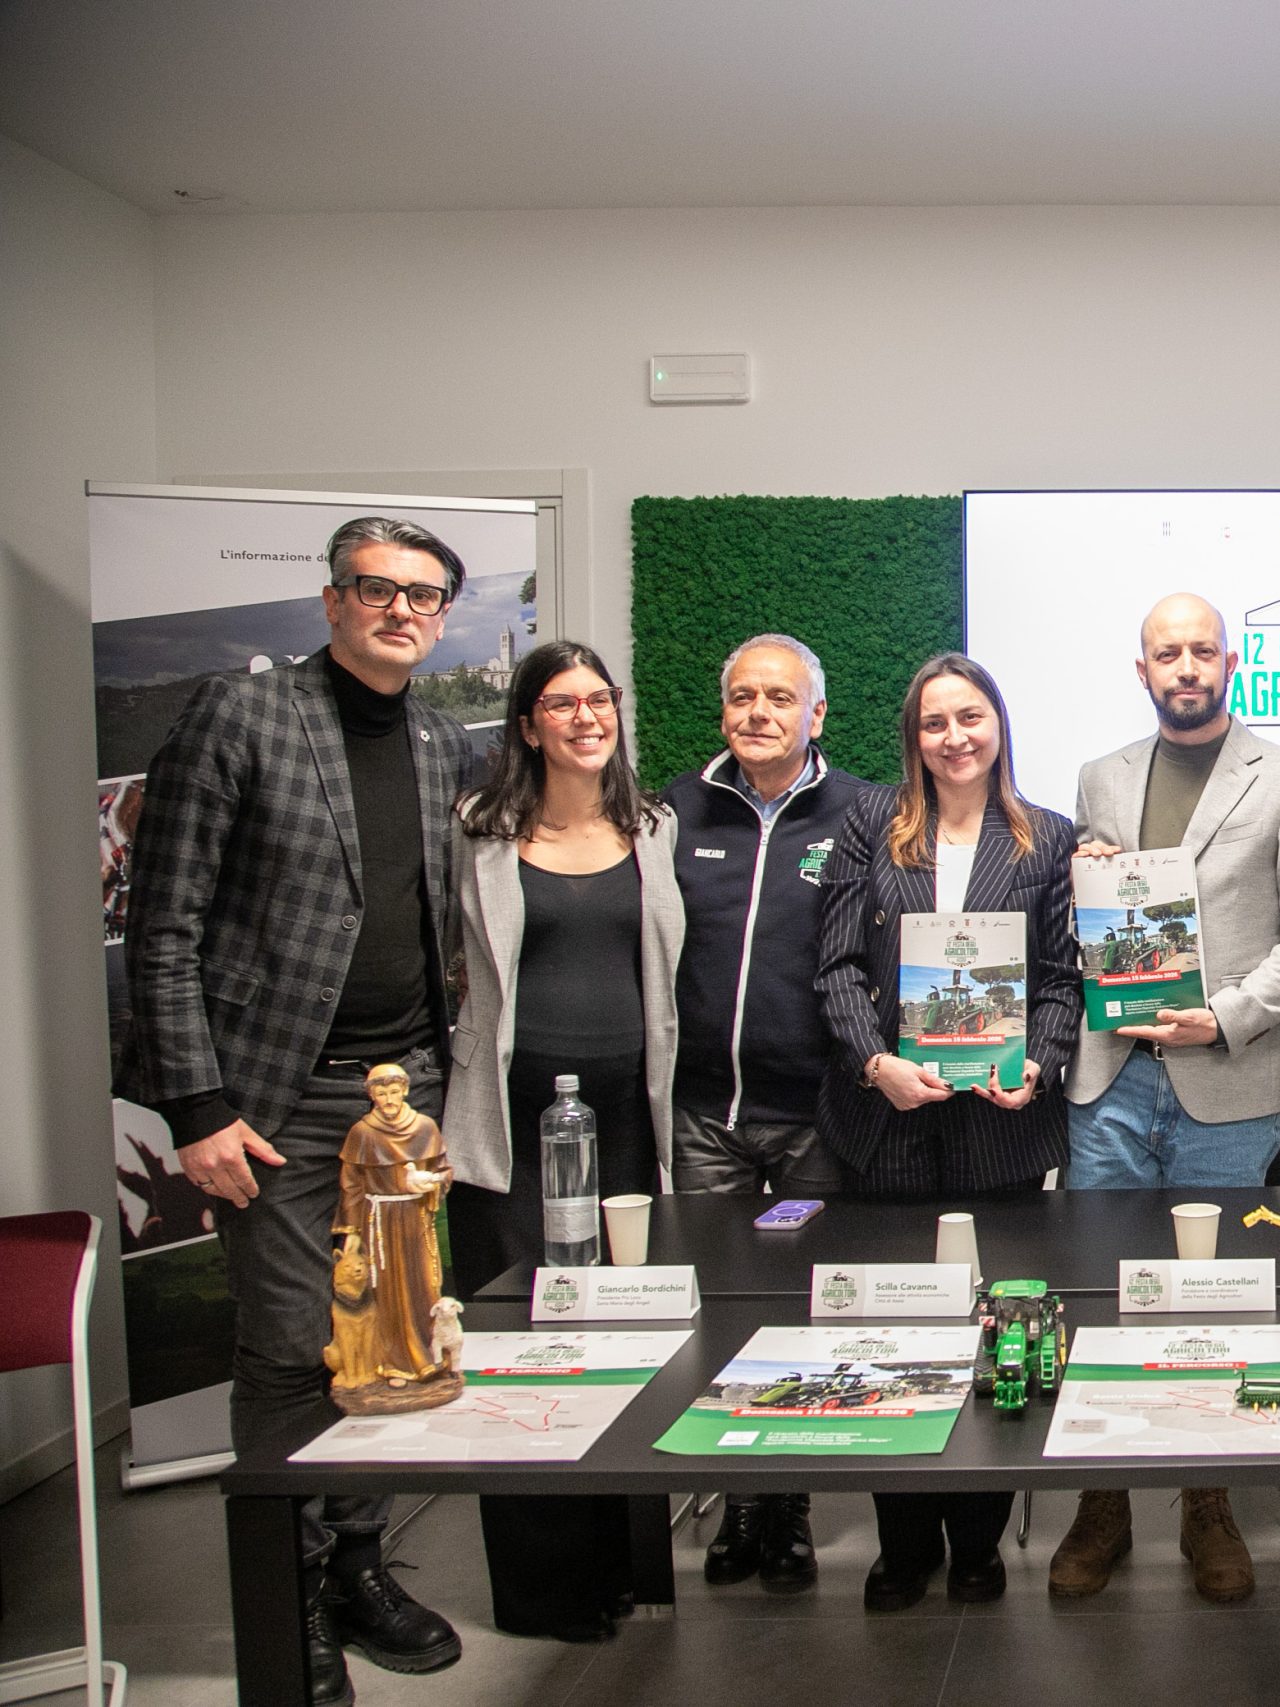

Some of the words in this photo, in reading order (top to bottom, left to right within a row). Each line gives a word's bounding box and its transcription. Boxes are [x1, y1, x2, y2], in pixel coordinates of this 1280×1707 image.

[220, 550, 312, 562] L'informazione
[1243, 633, 1265, 665] 12
[798, 857, 827, 870] AGRIC
[1102, 976, 1132, 984] Domenica
[875, 1282, 898, 1291] Scilla
[899, 1283, 938, 1291] Cavanna
[1181, 1278, 1214, 1287] Alessio
[1215, 1277, 1260, 1287] Castellani
[597, 1285, 639, 1294] Giancarlo
[641, 1284, 687, 1293] Bordichini
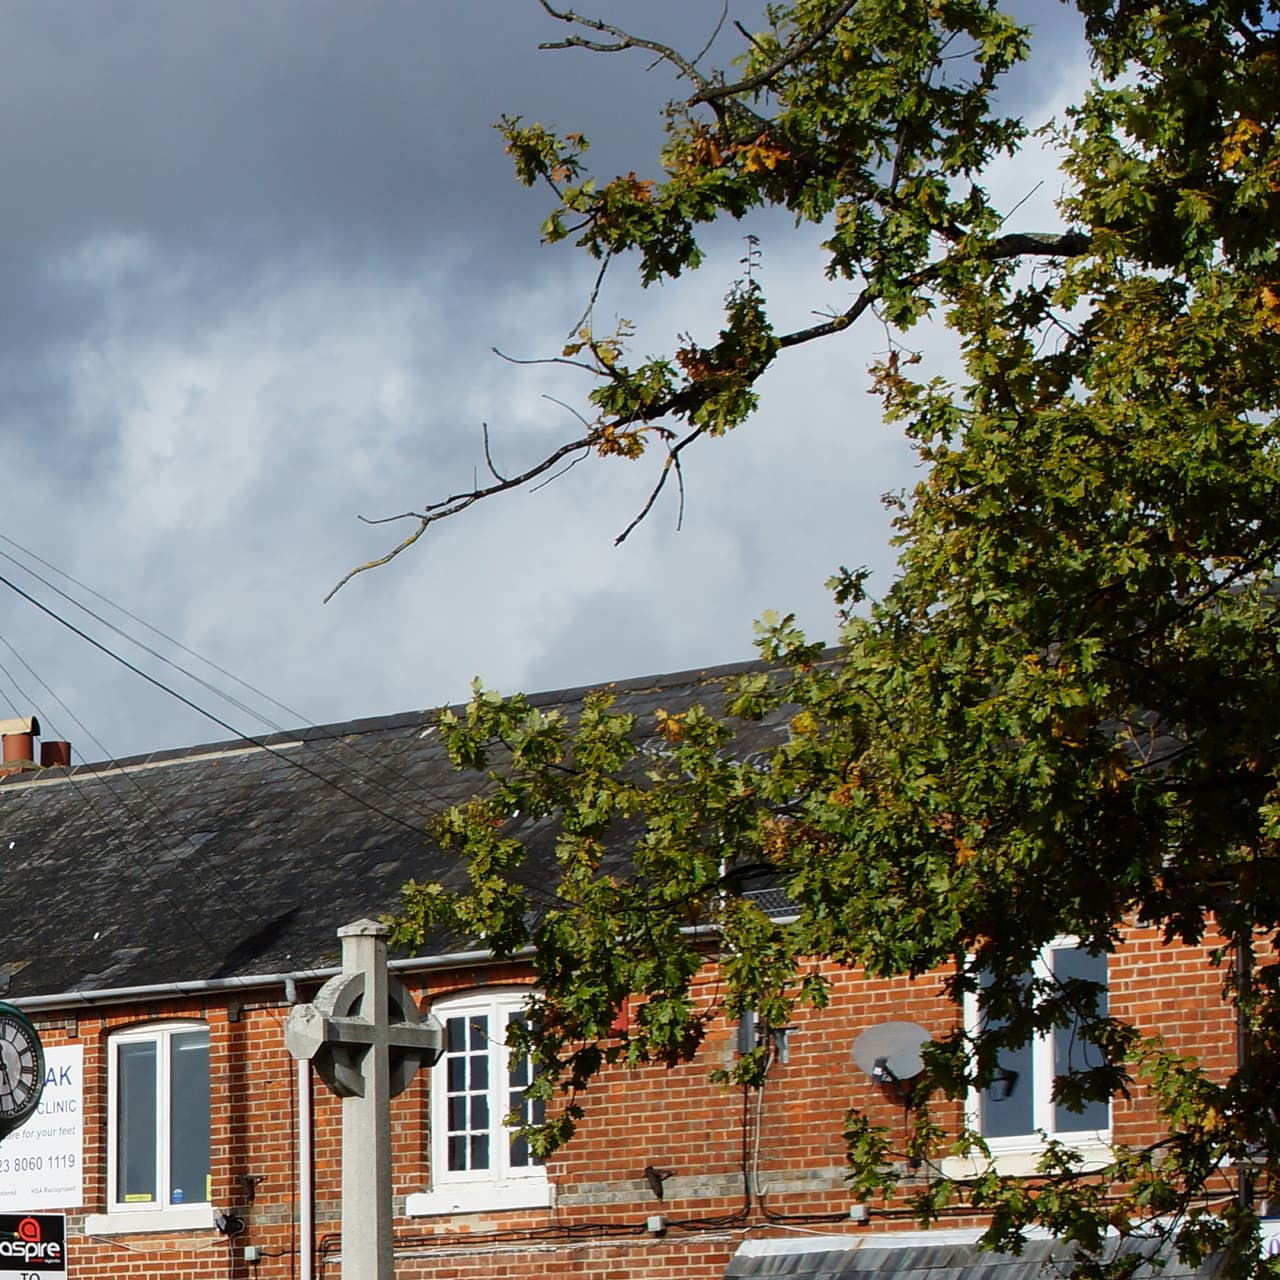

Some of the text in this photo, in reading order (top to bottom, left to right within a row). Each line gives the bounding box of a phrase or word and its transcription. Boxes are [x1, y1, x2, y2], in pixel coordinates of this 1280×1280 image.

[43, 1065, 72, 1087] AK
[37, 1099, 77, 1114] CLINIC
[6, 1125, 76, 1142] are for your feet
[14, 1156, 43, 1172] 8060
[48, 1153, 76, 1169] 1119

****************************************

Work task →
Could you output exactly the lines from the one containing "Some of the text" to the end of the entries above, both included, and no others?

Completed task →
Some of the text in this photo, in reading order (top to bottom, left to right within a row). Each line gives the bounding box of a phrase or word and its transcription. Boxes are [x1, y1, x2, y2], in pixel coordinates of this 1280×1280 image.

[43, 1065, 72, 1087] AK
[37, 1099, 77, 1114] CLINIC
[6, 1125, 76, 1142] are for your feet
[14, 1156, 43, 1172] 8060
[48, 1153, 76, 1169] 1119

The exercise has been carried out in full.